Please restate each line of the data that follows word for word, skipping any image.

╭─ Records shown

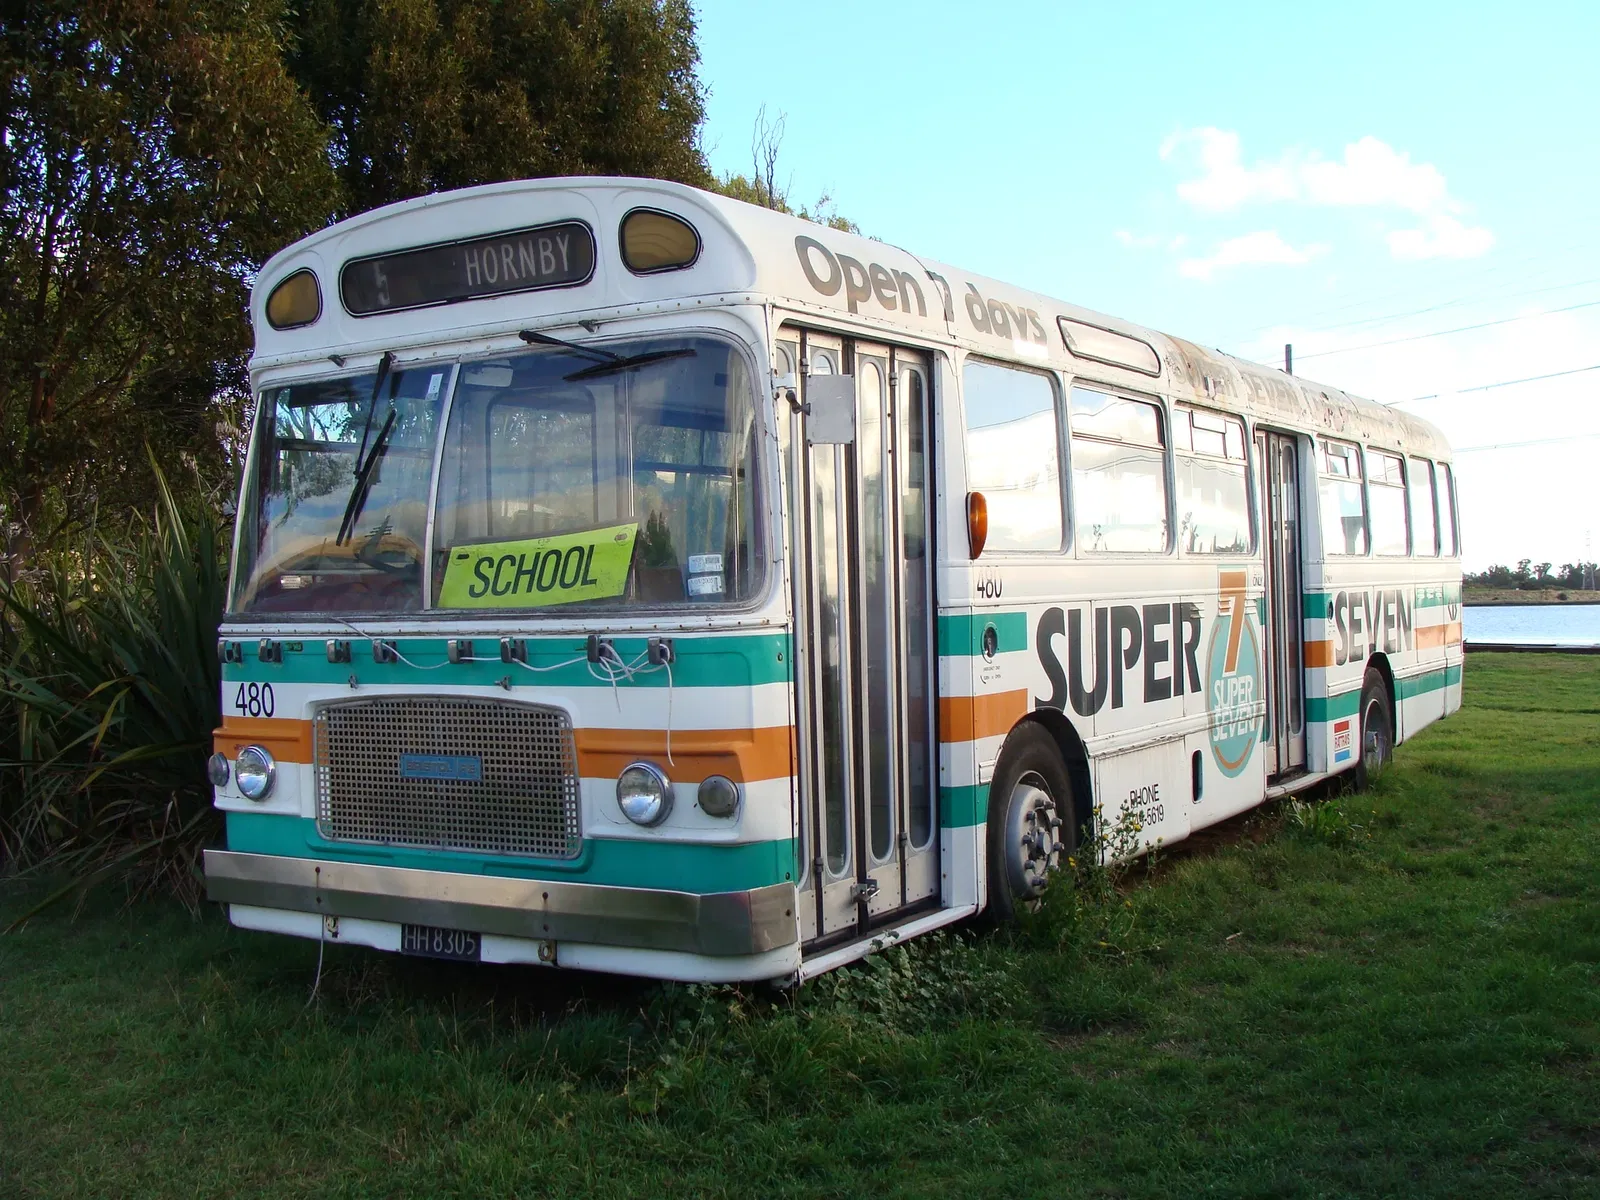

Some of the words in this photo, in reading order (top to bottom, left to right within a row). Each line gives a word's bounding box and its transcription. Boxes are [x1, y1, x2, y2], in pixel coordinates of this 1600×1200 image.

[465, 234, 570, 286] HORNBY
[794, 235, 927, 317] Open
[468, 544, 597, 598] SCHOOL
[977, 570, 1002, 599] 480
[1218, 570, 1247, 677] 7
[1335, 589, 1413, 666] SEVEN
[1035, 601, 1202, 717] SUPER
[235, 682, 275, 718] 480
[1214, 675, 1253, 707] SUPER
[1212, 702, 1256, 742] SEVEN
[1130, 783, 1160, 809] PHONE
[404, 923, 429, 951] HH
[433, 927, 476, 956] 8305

╰─

§ **Output**:
Some of the words in this photo, in reading order (top to bottom, left to right within a row). Each line gives a word's bounding box and its transcription. Boxes are [x1, y1, x2, y2], in pixel coordinates of this 1600×1200 image.

[465, 234, 570, 286] HORNBY
[794, 235, 927, 317] Open
[468, 544, 597, 598] SCHOOL
[977, 570, 1002, 599] 480
[1218, 570, 1247, 677] 7
[1335, 589, 1413, 666] SEVEN
[1035, 601, 1202, 717] SUPER
[235, 682, 275, 718] 480
[1214, 675, 1253, 707] SUPER
[1212, 702, 1256, 742] SEVEN
[1130, 783, 1160, 809] PHONE
[404, 923, 429, 951] HH
[433, 927, 476, 956] 8305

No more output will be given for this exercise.